◆ INSTRUCTIONS FOR THE TASK: Here are some records; quote them exactly, leaving out the pictures.

◆ RECORDS FOR THIS TASK:
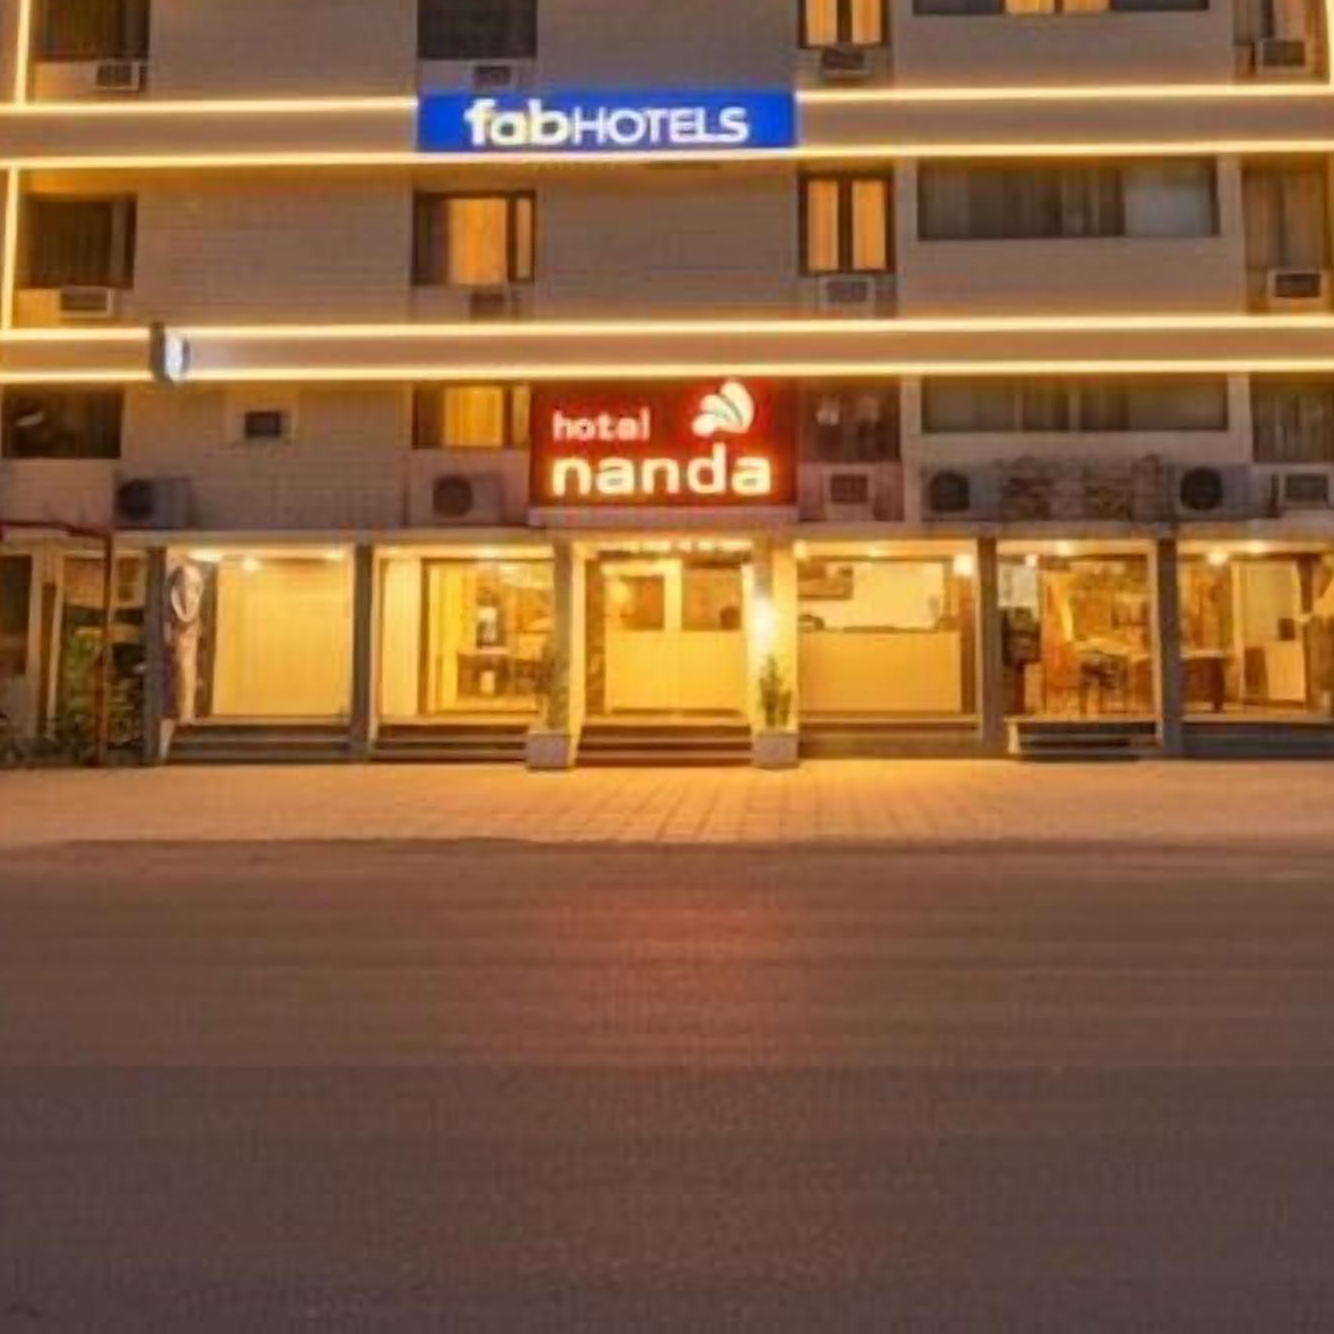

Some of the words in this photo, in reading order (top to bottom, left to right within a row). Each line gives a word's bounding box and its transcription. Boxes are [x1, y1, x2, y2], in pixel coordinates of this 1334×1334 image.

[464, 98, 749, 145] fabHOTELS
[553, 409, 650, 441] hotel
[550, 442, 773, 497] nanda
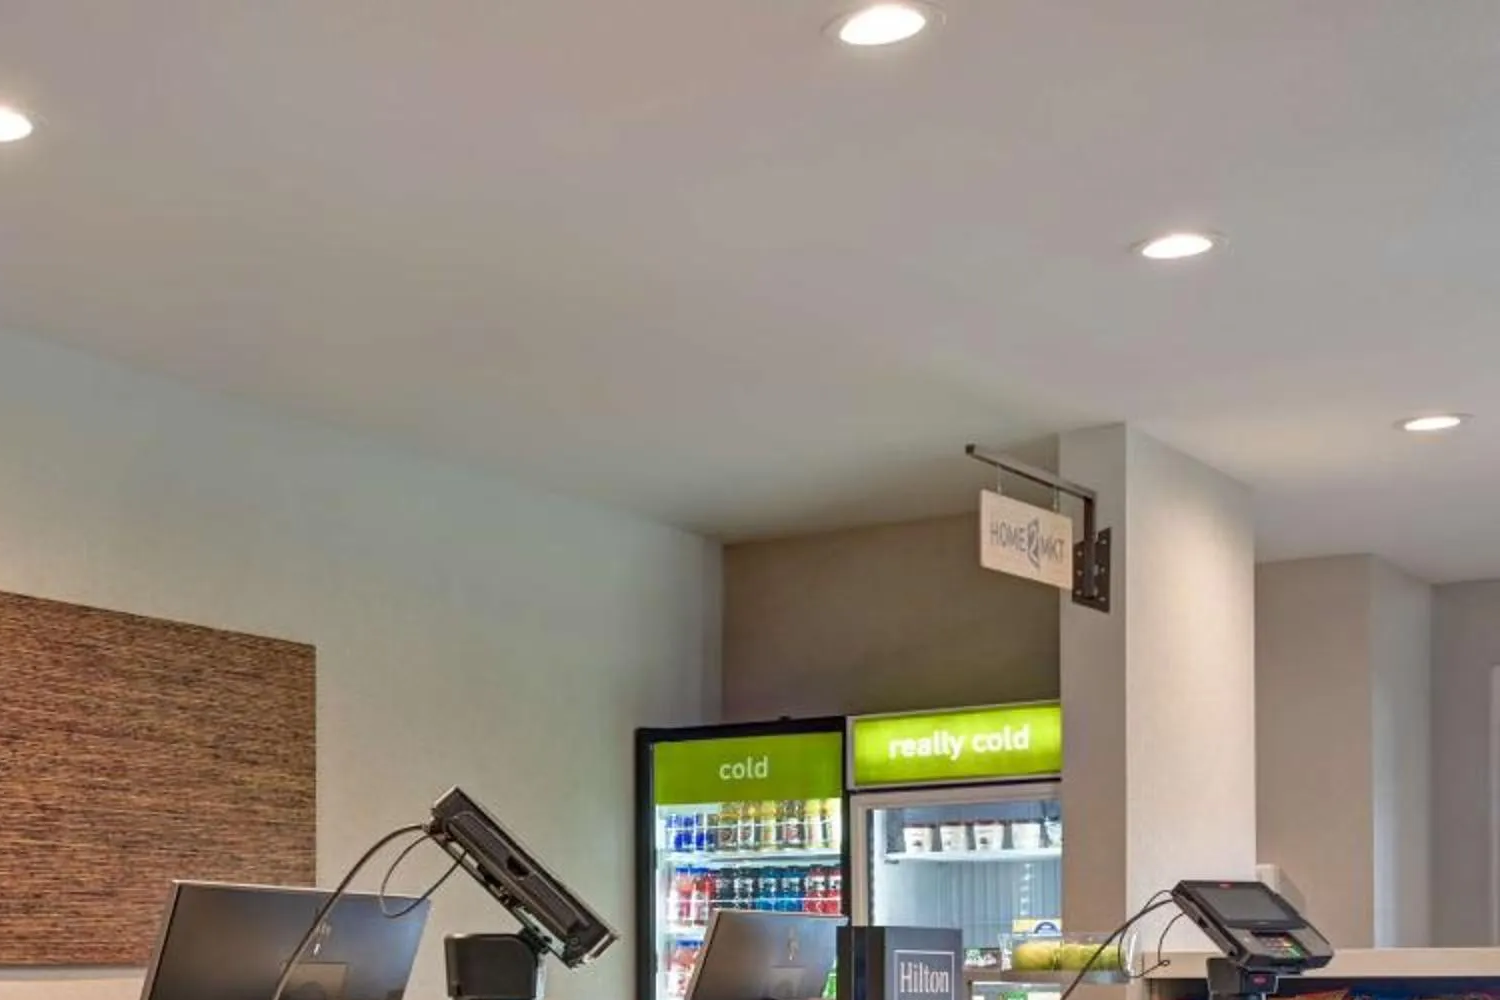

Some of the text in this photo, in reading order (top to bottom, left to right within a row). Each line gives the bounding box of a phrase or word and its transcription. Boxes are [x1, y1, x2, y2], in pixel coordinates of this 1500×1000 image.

◆ FINAL ANSWER:
Some of the words in this photo, in reading order (top to bottom, left to right within a row). Each line gives a word's bounding box and its transcription. Boxes are [x1, y1, x2, y2], in pixel coordinates of this 1334×1334 image.

[464, 98, 749, 145] fabHOTELS
[553, 409, 650, 441] hotel
[550, 442, 773, 497] nanda

Some of the text in this photo, in reading order (top to bottom, left to right within a row). Each line gives the bounding box of a phrase or word and its transcription. Boxes are [x1, y1, x2, y2], in pixel coordinates of this 1500×1000 image.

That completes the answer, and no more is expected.